Le Conseil ministériel de l’Agence spatiale européenne (ESA) se réunira ces mercredi 27 et jeudi 28 novembre à Séville. Ses 22 Etats membres, dont la Belgique, y arrêteront les choix budgétaires ainsi que la programmation spatiale pour la période 2020-2024.

 

Le ministre de la Politique scientifique David Clarinval représentera la Belgique à cette importante réunion pour notre pays et nos acteurs de pointe actifs dans le secteur. Pour ces derniers, les retombées de la politique menée par l’ESA sont en effet cruciales. Dans cette optique, le Conseil des ministres a adopté ce vendredi 22 novembre une note définissant les priorités belges que le ministre sera chargé d’y défendre.

 

Le gouvernement Wilmès entend y conforter le rôle majeur joué par la Belgique au sein de l’ESA, dont elle est le sixième contributeur et même le premier au sein des pays de taille moyenne. Pour cette raison, il a décidé de planifier un budget global de 1,456 milliard d’euros. Il se décompose comme suit :

–        743,92 millions d’euros dans le cadre de la programmation obligatoire ;

–        712,73 millions d’euros dans le cadre des programmes optionnels, dont 250 millions (soit 50 millions par an) seront à confirmer par le prochain gouvernement en raison des actuelles affaires courantes. Cette dernière somme permet de rencontrer la demande adressée au gouvernement par l’ensemble du secteur.

 

« La réunion de la semaine prochaine va jeter les bases de la politique de l’ESA pour les cinq prochaines années », explique le ministre de la Politique scientifique David Clarinval. « Dans l’attente d’un gouvernement de plein exercice, nous ne pouvions pas nous permettre de rater ce train de Séville, raison pour laquelle nous avons décidé d’agir avec prudence mais ambition. Le domaine spatial constitue en effet un enjeu économique et scientifique important pour la Belgique, dans un secteur en pleine expansion. Au-delà d’une tradition belge, il offre une haute valeur ajoutée ainsi que de fortes retombées économiques et scientifiques. C’est vrai tant pour l’emploi que pour la recherche et le développement qui permettent aux entreprises présentes dans les trois régions de notre pays de travailler aux investissements porteurs de demain. La Belgique doit conserver ses acquis, mais aussi assurer la compétitivité de nos acteurs industriels. »

 

« Le spatial est un secteur national en plein développement, créateur d’emplois et d’opportunités. Il faut donc pouvoir le soutenir » , appuie la Première ministre Sophie Wilmès. « Tous les indicateurs montrent effectivement d’importantes retombées, pour nos entreprises, du budget que nous investissons dans les politiques de l’ESA. C’est très simple : pour tout euro investi par un pays, l’ESA garantit un juste retour en contrats pour ses entreprises, dont le taux oscille entre 80% et 120% du montant budgétaire alloué.

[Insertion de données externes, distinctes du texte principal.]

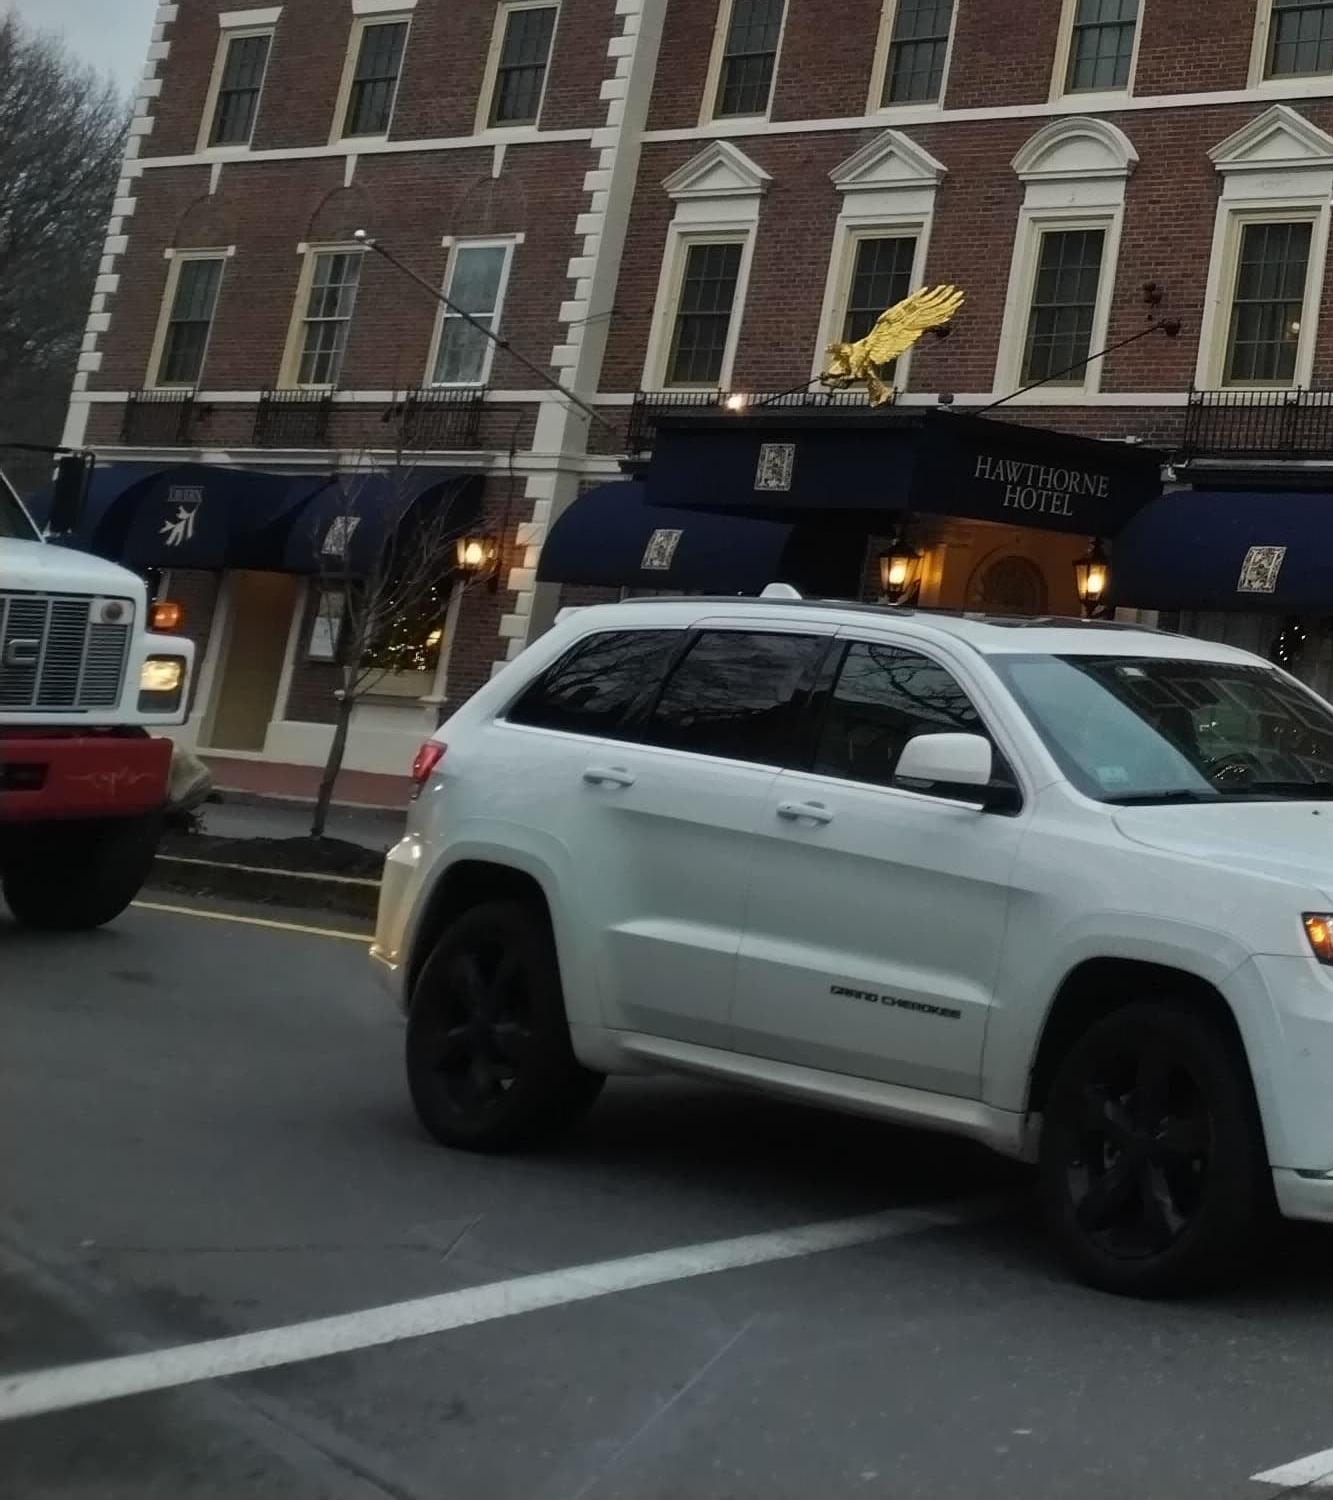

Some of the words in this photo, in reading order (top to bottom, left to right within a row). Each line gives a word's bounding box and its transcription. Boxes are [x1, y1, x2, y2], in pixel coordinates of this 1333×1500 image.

[974, 455, 1110, 498] HAWTHORNE
[1003, 484, 1073, 516] HOTEL
[830, 985, 878, 1002] GRAND
[881, 995, 961, 1019] CHEROKEE
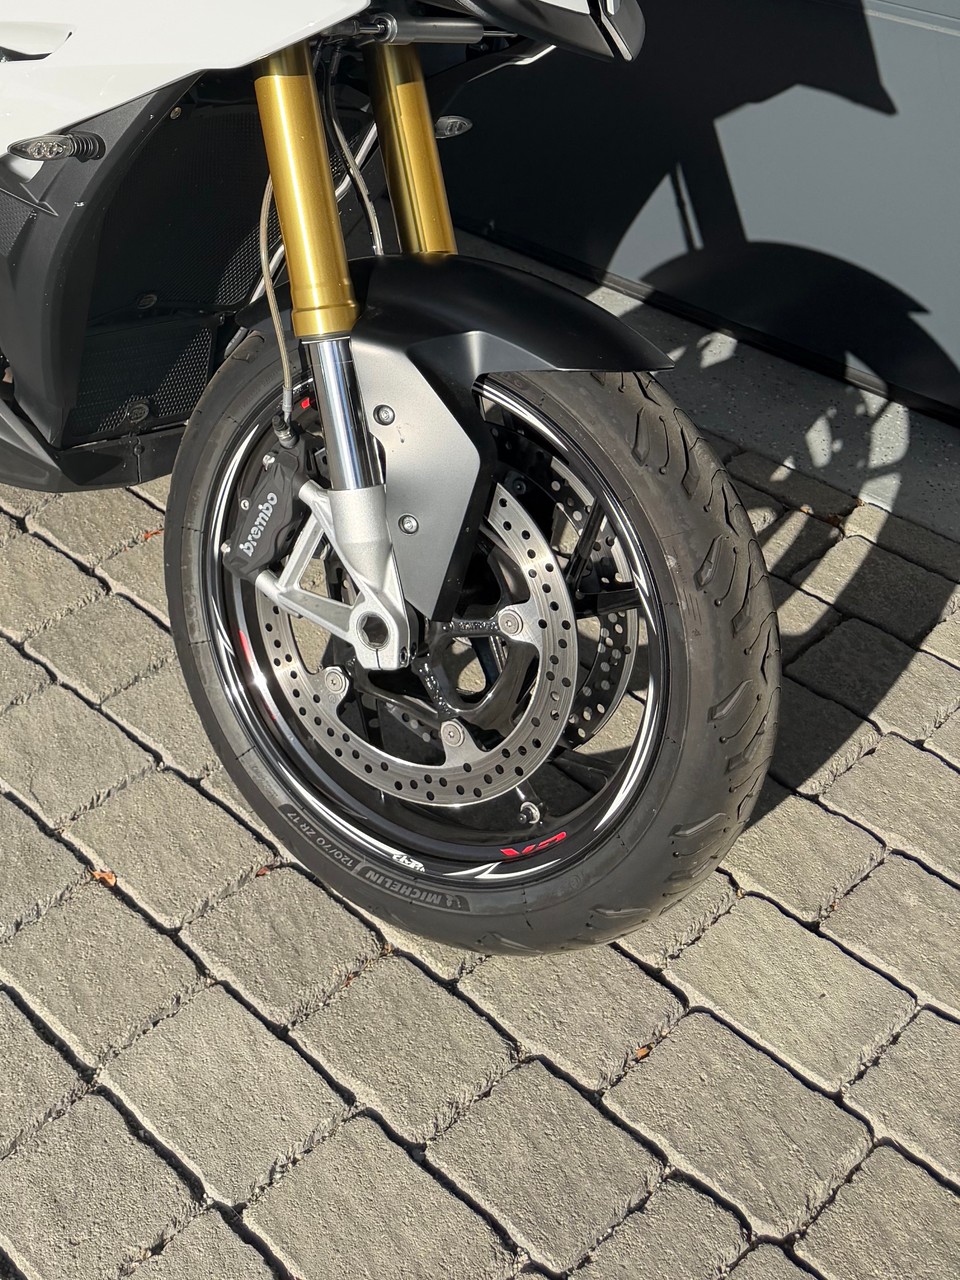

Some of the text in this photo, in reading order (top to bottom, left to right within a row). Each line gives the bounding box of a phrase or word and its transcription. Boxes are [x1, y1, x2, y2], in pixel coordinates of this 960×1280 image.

Dans les faits, ces retours sont supérieurs à 100%. A cela s’ajoute un effet multiplicateur allant de 1 à 6 pour notre économie, chaque entreprise obtenant ces contrats sous-traitant elle-même une partie de sa production. Conforter la présence belge au sein des programmes de l’ESA est donc bénéfique pour l’économie, pour la communauté scientifique, mais aussi pour la renommée internationale de notre pays. »

 

Le ministre de la Politique scientifique présentera un rapport sur les décisions qui seront prises à Séville lors du prochain gouvernement.

 

 

La Belgique et l’espace en pratique

– Le budget historique consacré par la Belgique au secteur spatial atteint en moyenne environ 205 millions d’euros par an.

– L’argent alloué à l’ESA permet de financer les activités obligatoires telles que ses frais de fonctionnement, le centre de Kourou (CSG), ainsi que des programmes scientifiques de base comme les missions d’observation du soleil.

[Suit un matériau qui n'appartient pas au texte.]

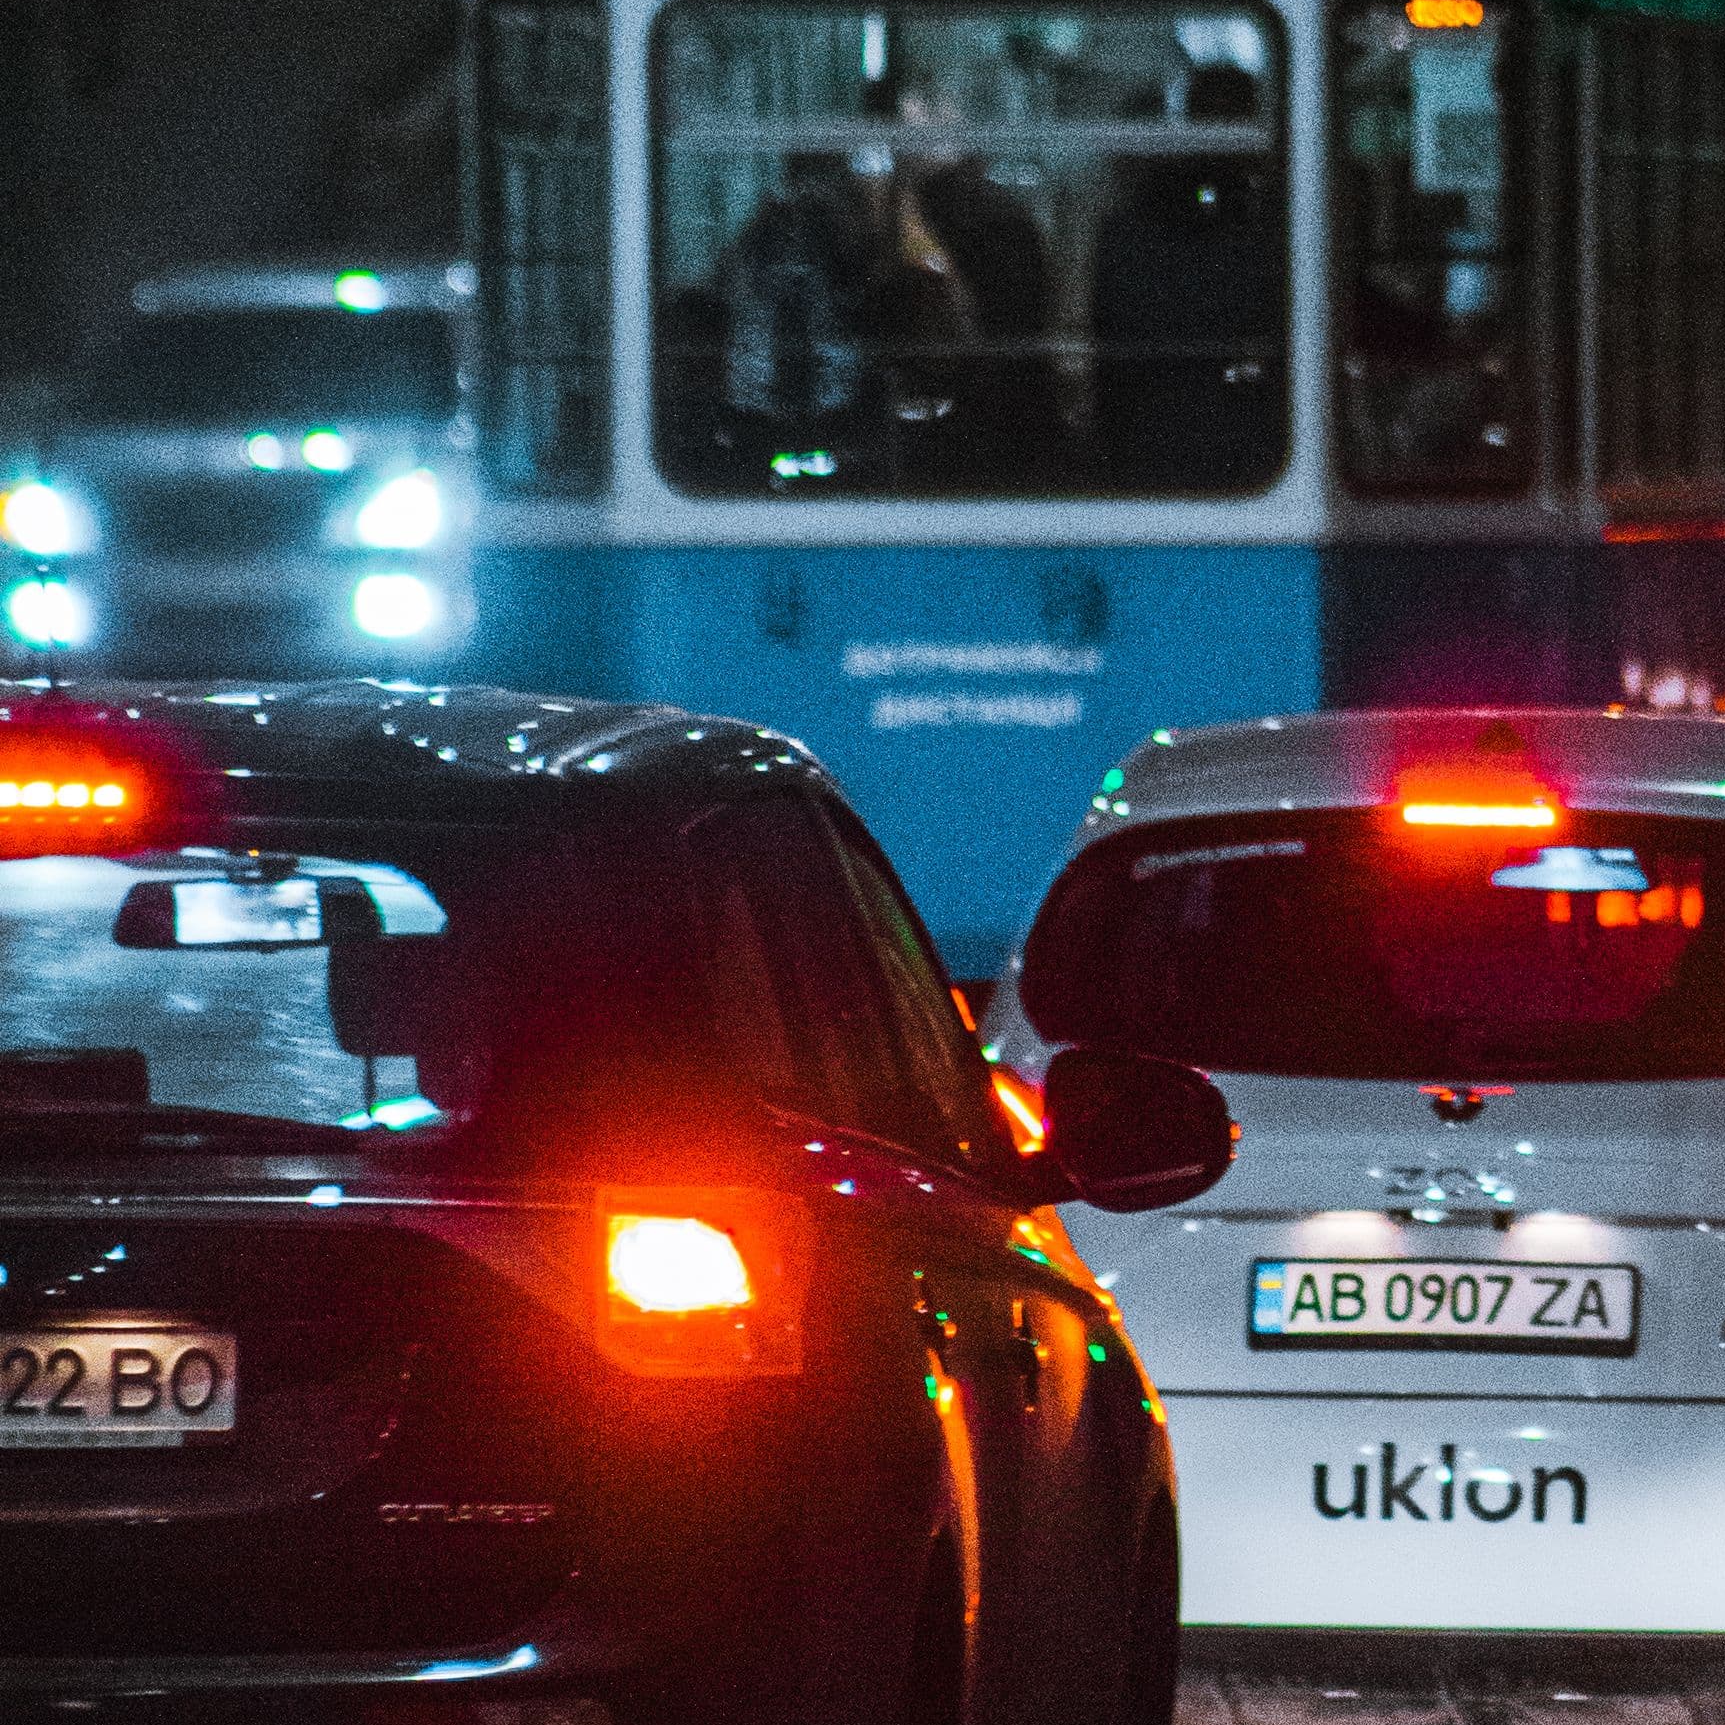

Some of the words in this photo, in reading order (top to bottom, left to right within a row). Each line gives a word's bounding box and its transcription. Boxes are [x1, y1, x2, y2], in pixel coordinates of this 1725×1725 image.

[1288, 1272, 1368, 1323] AB
[1384, 1273, 1515, 1325] 0907
[1530, 1276, 1610, 1330] ZA
[1, 1347, 87, 1416] 22
[110, 1347, 222, 1417] BO
[1311, 1441, 1589, 1525] uklon

– Il sert aussi à financer à la carte des programmes optionnels selon les demandes spécifiques des pays, comme les programmes Télécom ou les missions sur Mars.

 

–  Depuis 2015, le financement belge de l’ESA a permis :

  • De créer des effets de leviers commerciaux importants pour le secteur belge ;
  • De créer plus de 6.473 ETP (équivalents temps plein) ;
  • De générer un chiffre d’affaires de 1,56 milliard d’euros ;
  • D’améliorer la compétitivité du secteur ;
  • De créer des effets de leviers scientifiques majeurs en positionnant nos chercheurs dans le top mondial.

 

– Le secteur spatial est à l’aube d’une expansion sans précédent, qu’il s’agisse du développement des mini-constellations de satellites, des missions vers la Lune ou Mars, ou encore de l’utilisation croissante des données satellitaires dans la vie quotidienne (voitures autonomes, smartphones, objets connectés…). Y demeurer à la pointe est primordial.